Последняя инстанция - Владимир Анатольевич Добровольский
В четверг ему снова пришлось съездить в экспертизу — за официальными выводами, а в пятницу он вызвал Подгородецкого.
Подгородецкий вошел поспешно, словно бы показывая этим, что времени терять понапрасну не намерен, руки у него суетливо болтались, голову старался держать высоко, но не прочно держалась она на шее, дергалась, будто воротник был тесен, а воротник расстегнут, рубашка — не первой свежести, пиджачок помят, брови нависли, глаз не видно, и на Кручинина не глядел, не поздоровался, только спросил, можно ли войти.
Сел и сказал:
— Я к вам — вроде на работу. А на работе косятся: повесточки, конечно, документ, но кто тебе в конечном счете трудовой стаж будет засчитывать — милиция?
— К нам на довольствие проситесь? — пошутил Кручинин и подчеркнул, что шутит.
— А тем оно и кончится.
— Вы так думаете?
— У меня твердый взгляд на эти вещи, — сказал Подгородецкий дрогнувшим голосом. — Если душу мотать, да еще беспрерывно, беря на измор, вполне возможно любого, имеющего жизненные изъяны, вымотать и подвести под статью… Ну, что вы искали? — потряс он рукой. — Ножик? Гардину? И что? И в чем идея? В чем статья?
— Нож не столовый, — сказал Кручинин. — Не кухонный. Таким ножом запросто можно человека убить, о чем и свидетельствуют эксперты. Хотите убедиться?
— Что вы, Борис Ильич! — отстранился от стола Подгородецкий. — Считаете меня за ребенка? Что я, без ваших экспертов не соображаю, чем человека можно убить? Человек — царь природы! Бог на этой земле! А убить его можно чем угодно. Он еще пеленки марает, а его уже смерть сторожит. И ножом можно, и молотком, и кирпичиной. И злобой тоже, противозаконностью, подозрением!
— У нас порядок такой, — сказал Кручинин. — Раз уж свидетель утверждает, что за час до происшествия принимал потерпевшего у себя в квартире, мы обязаны квартиру эту проверить, потому что, Геннадий Васильевич, мы специалисты и заметим такое, чего вы, неспециалист, не заметите или не придадите этому значения. А нож… Я еще после обыска хотел у вас спросить: почему вы не запрятали его куда-нибудь? Почему сами предъявили?
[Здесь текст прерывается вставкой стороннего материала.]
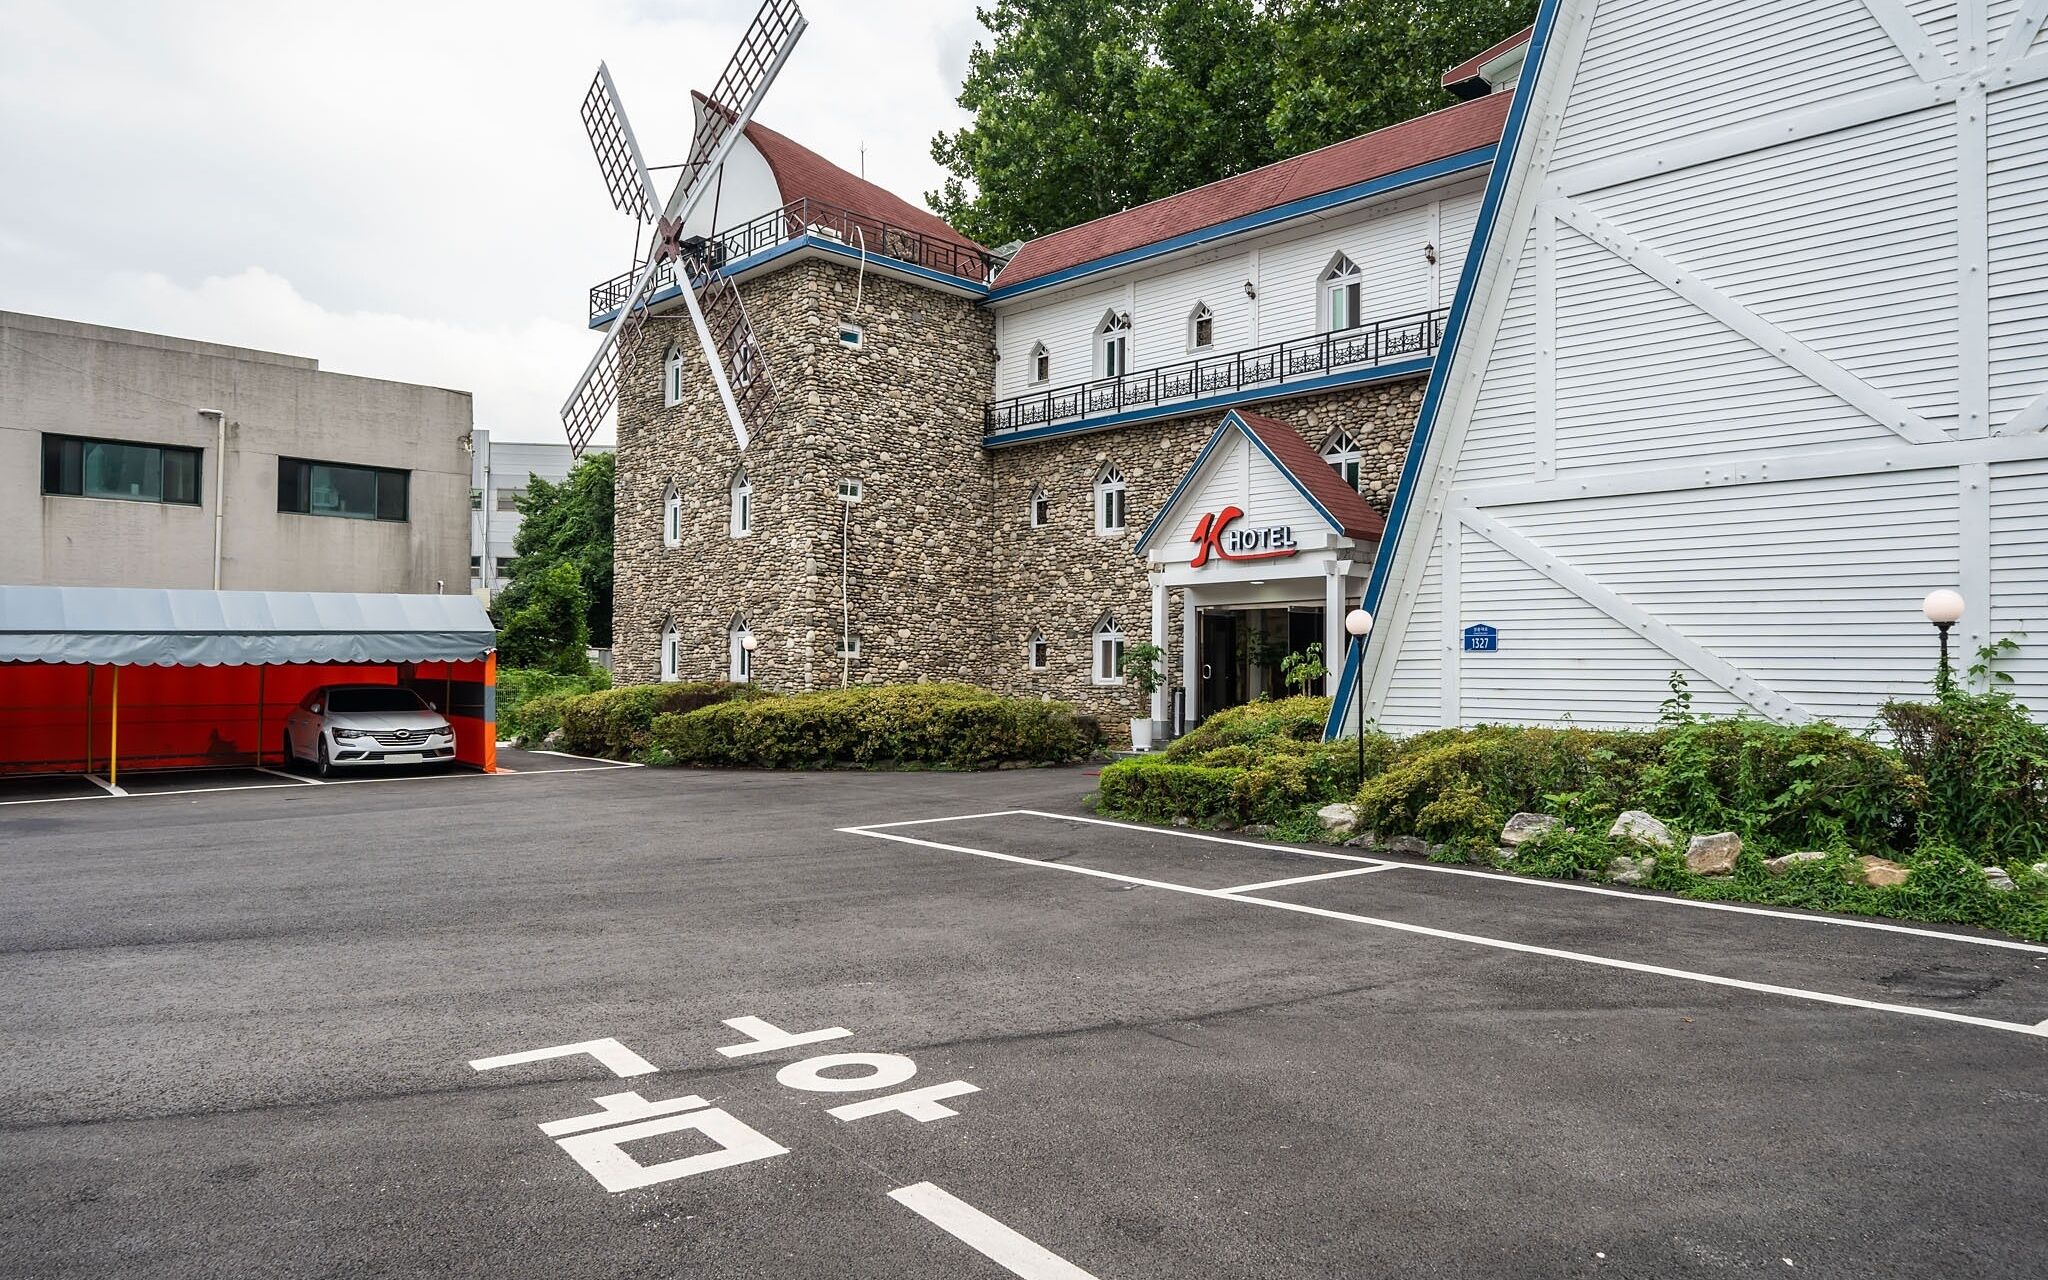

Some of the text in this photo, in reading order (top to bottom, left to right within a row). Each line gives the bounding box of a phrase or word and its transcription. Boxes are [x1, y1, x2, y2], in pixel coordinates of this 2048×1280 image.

Подгородецкий поперхнулся смешком, погрозил Кручинину пальцем:
— Эх, Борис Ильич! Ставите капкан, а зверя-то нет и на ловца не бежит! Ножик — собственность, при себе во избежание не держу, как было в бытность… Зачем же мне его прятать?
Никаких капканов Кручинин не ставил.
— При себе или не при себе, а все-таки держали. Холодное оружие.
— А тут просто, — сказал Подгородецкий, презрительно косясь на магнитофон, включенный заранее. — Хлеб нечем резать. Колбасу. Другие продукты. Вы ж, Борис Ильич, мое хозяйство видели: ножи покупные не режут. Их точишь, а они назавтра как были. Если желаете знать, с Ехичевым, со Степаном, когда закусывали, ножик тот находился рядом. Ничем другим не обагренный, кроме как салакой в масле. Тут просто, Борис Ильич, но есть и характерная черта: как-никак, а ножик известный. И для милиции, а также для общественности. Забросить его куда-нибудь? В прорубь или, извиняюсь, в отхожее место? Жалко. Качественная сталь. В ту же милицию сдать? — на миг призадумался Подгородецкий. — Так это надо было раньше. А в самый разгар сказали бы: на воре шапка горит. Припрятать? — снова призадумался. — Да что вы — смеетесь? Это значит, что ножик-то обагренный, и не только салакой! Это значит — боюсь его, хвостом заметаюсь! Да что вы — смеетесь? Человека угробили, я-то при чем? Человек — царь и бог, а угробить его можно и без ножика. Царь и бог, но весь свой век на волоске висит. Чик — и нету!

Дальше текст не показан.